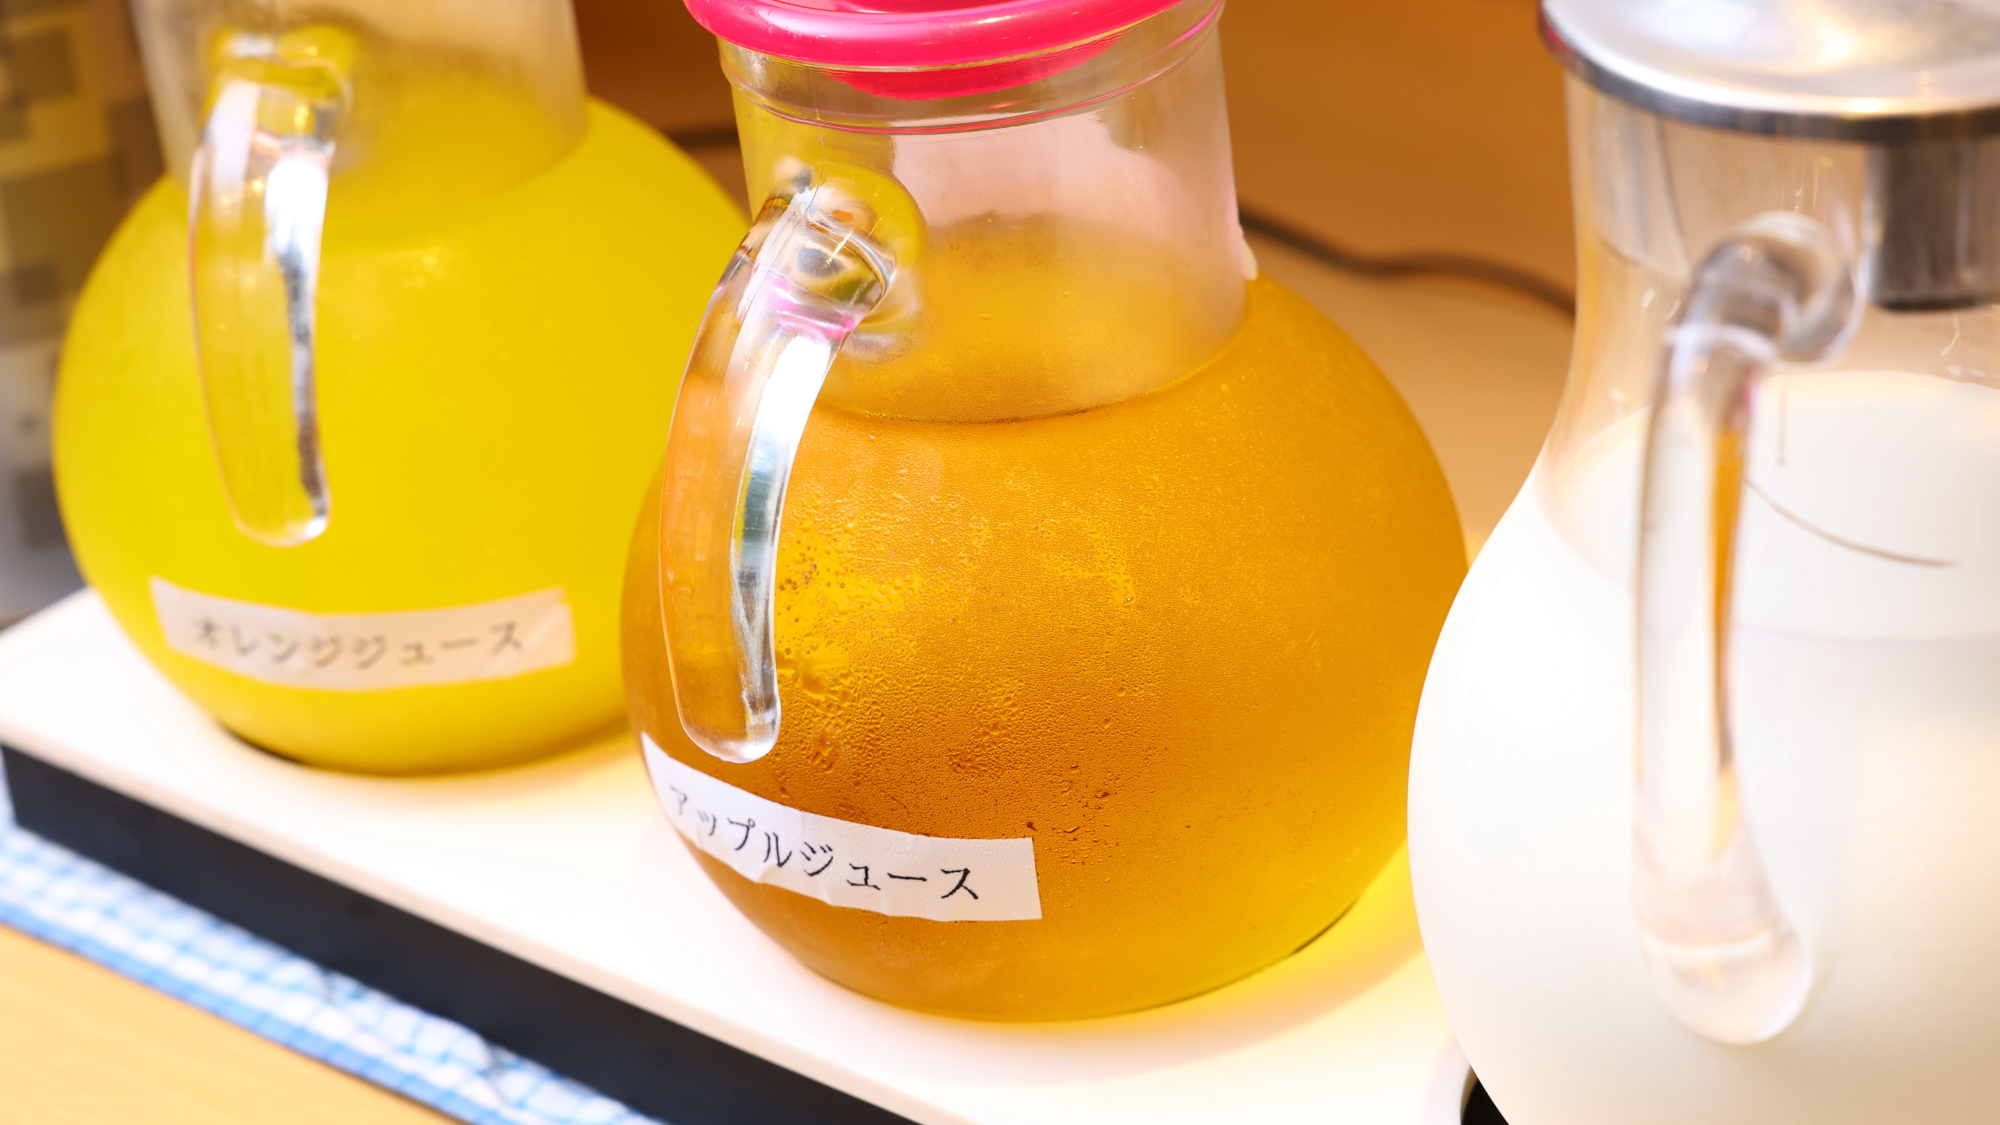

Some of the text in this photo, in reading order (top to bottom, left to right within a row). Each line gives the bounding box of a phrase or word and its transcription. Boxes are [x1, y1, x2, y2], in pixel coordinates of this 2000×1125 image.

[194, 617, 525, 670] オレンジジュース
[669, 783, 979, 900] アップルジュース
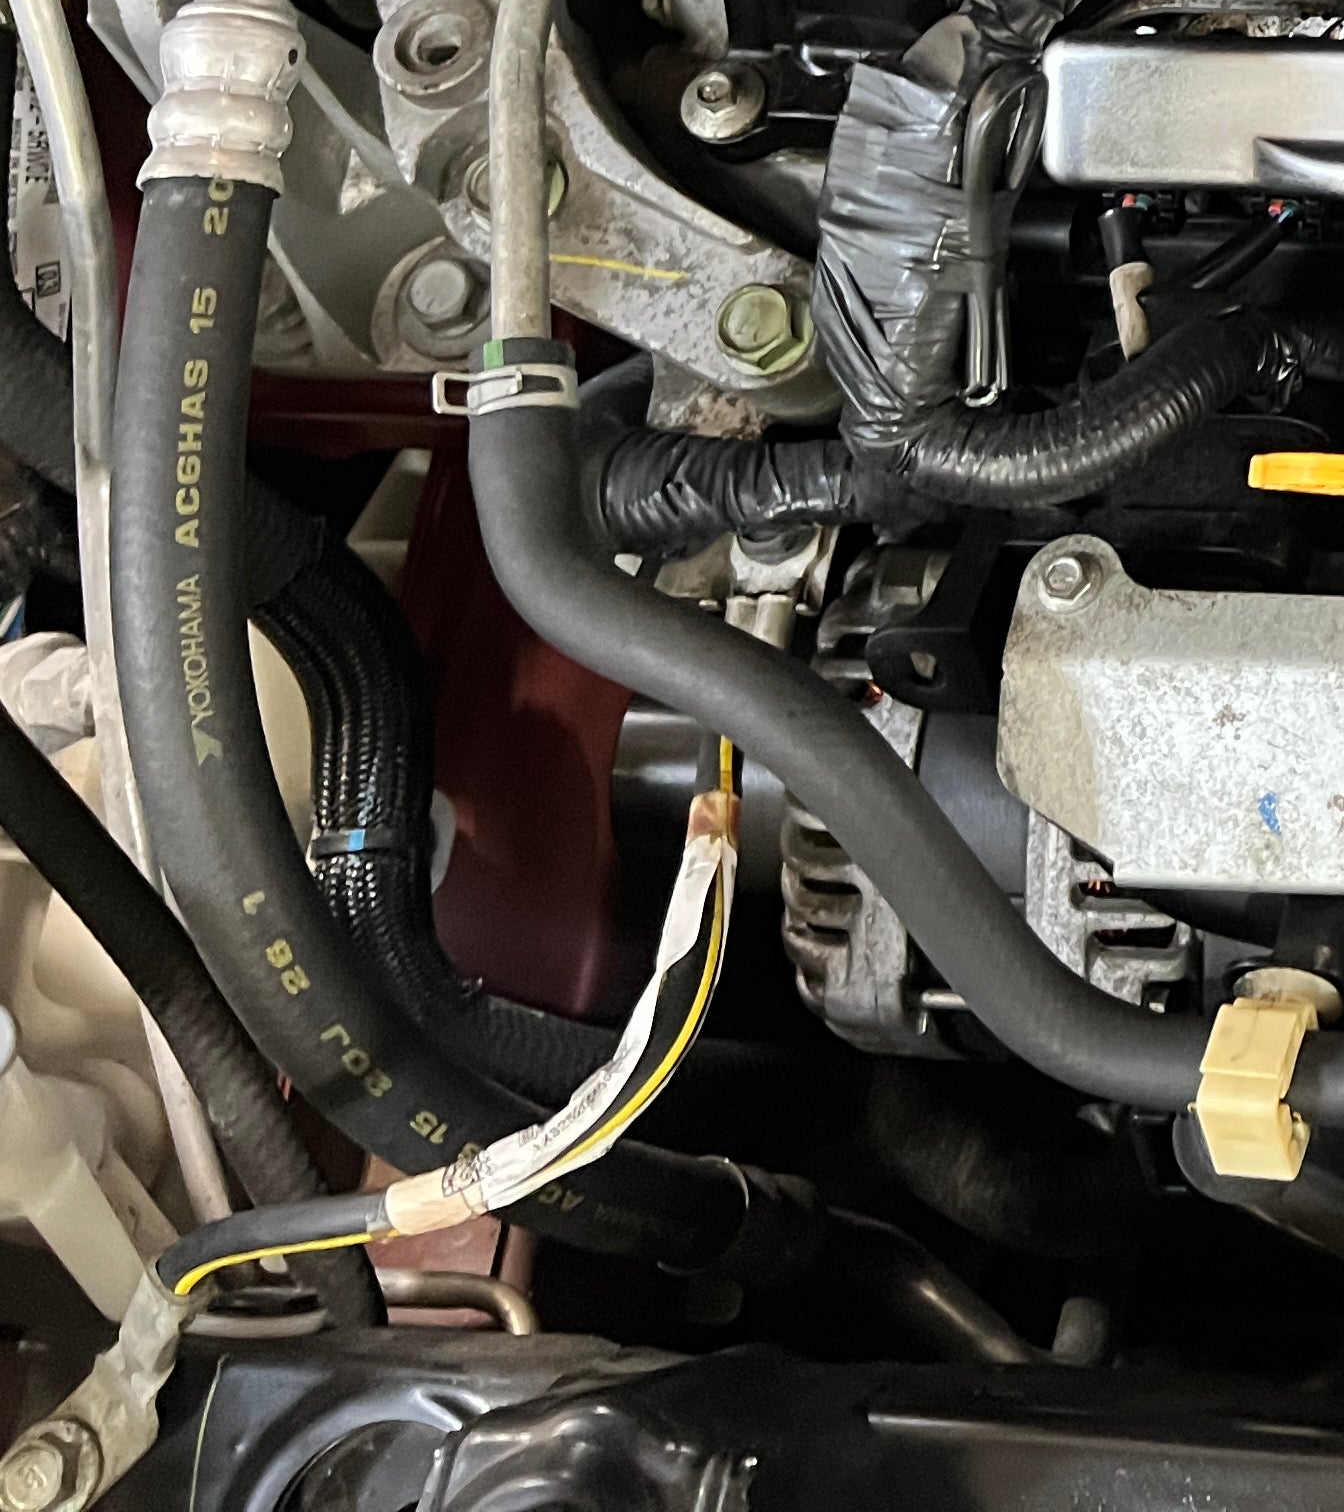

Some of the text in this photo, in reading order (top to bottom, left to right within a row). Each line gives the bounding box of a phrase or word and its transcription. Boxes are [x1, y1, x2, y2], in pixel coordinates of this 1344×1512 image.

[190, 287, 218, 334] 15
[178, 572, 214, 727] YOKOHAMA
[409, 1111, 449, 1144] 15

◇ ◇ ◇ ◇ ◇ ◇ ◇

TASK PROMPT: The response should be an exact copy of the lines from the one with "this 1344×1512 image." through the end of the data, with no other text.

YOUR RESPONSE:
Some of the text in this photo, in reading order (top to bottom, left to right within a row). Each line gives the bounding box of a phrase or word and its transcription. Boxes are [x1, y1, x2, y2], in pixel coordinates of this 1344×1512 image.

[190, 287, 218, 334] 15
[178, 572, 214, 727] YOKOHAMA
[409, 1111, 449, 1144] 15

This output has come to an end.